# Boston Acoustic



## topheavychevy (Jun 6, 2003)

Anyone know if these are any good ?


----------



## BigPoppa78 (Apr 22, 2003)

I've got a set of the Pro Series 6X9 in the rear deck of mf my bubble and I love em, I also got a set of the 5.25" Pro Series Components in my doors. They sound nice and clear and they even put out a lil bit of bass....I would have to say they are one of the best speaker manufacturer's out their....Just my $.02


----------



## BIG DIRTY (Jan 31, 2002)

> _Originally posted by Individuals95_@Sep 12 2003, 06:04 PM
> *I've got a set of the Pro Series 6X9 in the rear deck of mf my bubble and I love em, I also got a set of the 5.25" Pro Series Components in my doors.
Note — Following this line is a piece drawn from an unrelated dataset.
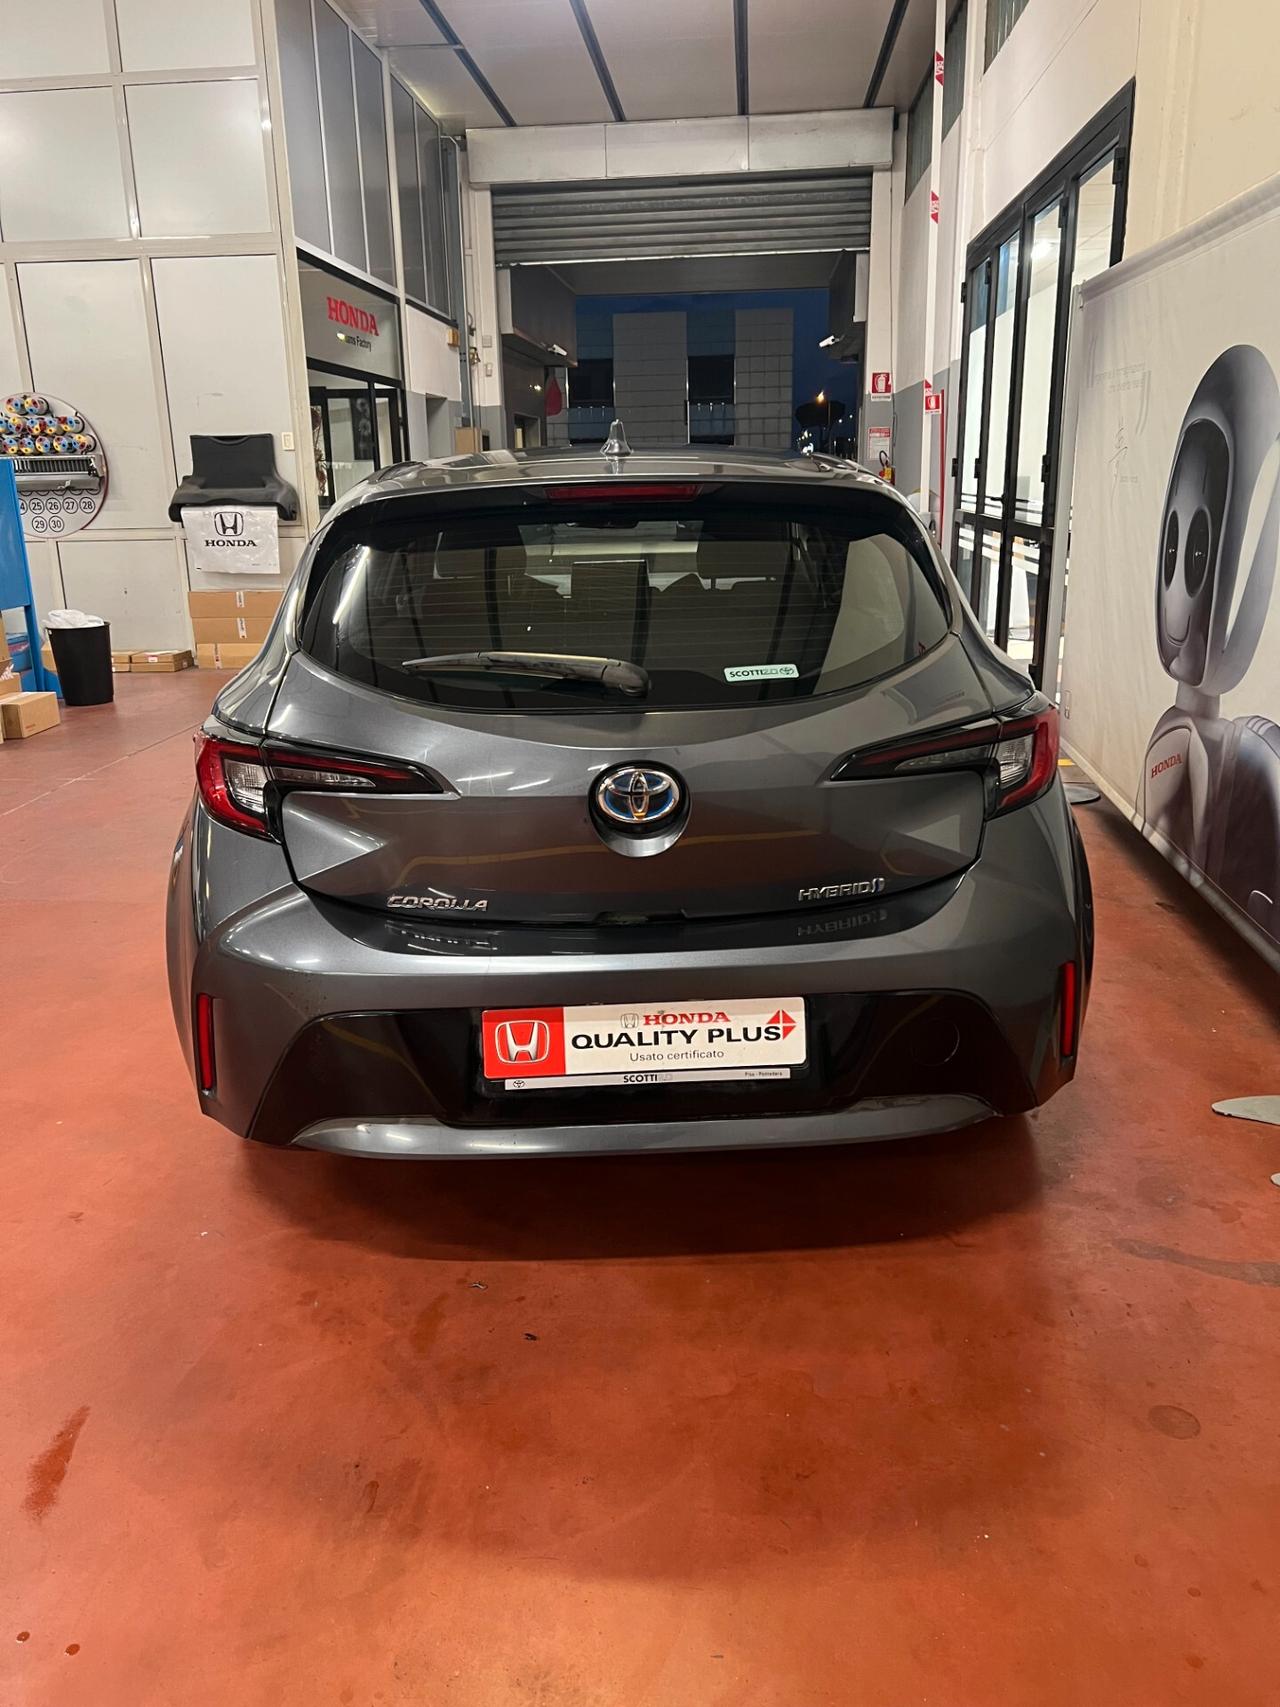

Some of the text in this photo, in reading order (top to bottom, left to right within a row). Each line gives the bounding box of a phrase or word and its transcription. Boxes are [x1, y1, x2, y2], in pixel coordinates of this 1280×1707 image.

They sound nice and clear and they even put out a lil bit of bass....I would have to say they are one of the best speaker manufacturer's out their....Just my $.02*


 I like Boston A, and there 6 x 9's are pretty good also


----------



## EBK4 (Dec 24, 2002)

i had a 4 1/2 inch powered sub from b.a. it sounded better than some single twelves ive heard. but, i tried to put it in my truck, didnt work, then i mashed the shit outta the box to get the speaker, then it was WEAK AS FUCK out of its little plastic powered bass box.


----------



## sabre (May 22, 2003)

bostons are a nice soundin speaker .


----------